### How to complete this task:
Return the following data exactly, with all pictures left out.

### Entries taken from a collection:
Start of Block

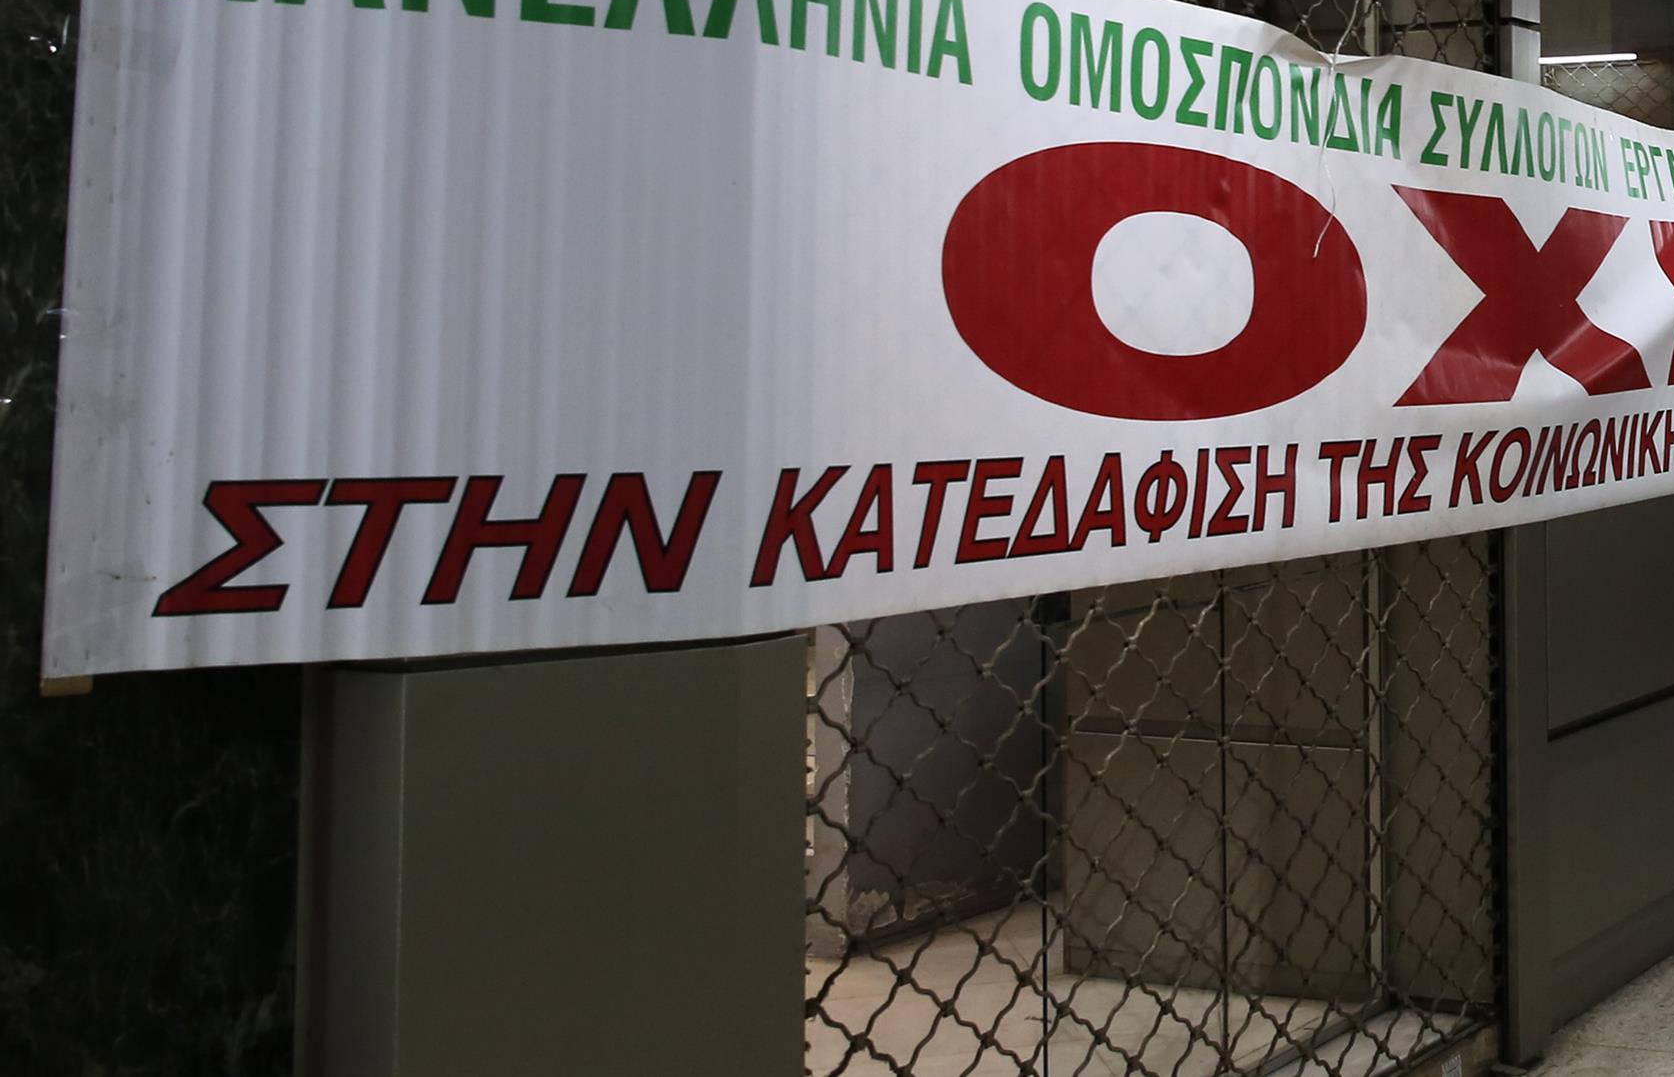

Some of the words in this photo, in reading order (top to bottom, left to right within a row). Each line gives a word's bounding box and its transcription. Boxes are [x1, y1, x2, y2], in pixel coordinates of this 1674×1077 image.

[1020, 1, 1402, 161] ΟΜΟΣΠΟΝΔΙΑ
[1420, 91, 1609, 191] ΣΥΛΛΟΓΩΝ
[152, 470, 722, 618] ΣΤΗΝ
[749, 443, 1299, 588] ΚΑΤΕΔΑΦΙΣΗ
[1317, 434, 1442, 523] ΤΗΣ

End of Block

### Solution for this exercise:
Some of the words in this photo, in reading order (top to bottom, left to right within a row). Each line gives a word's bounding box and its transcription. Boxes are [x1, y1, x2, y2], in pixel coordinates of this 1674×1077 image.

[1020, 1, 1402, 161] ΟΜΟΣΠΟΝΔΙΑ
[1420, 91, 1609, 191] ΣΥΛΛΟΓΩΝ
[152, 470, 722, 618] ΣΤΗΝ
[749, 443, 1299, 588] ΚΑΤΕΔΑΦΙΣΗ
[1317, 434, 1442, 523] ΤΗΣ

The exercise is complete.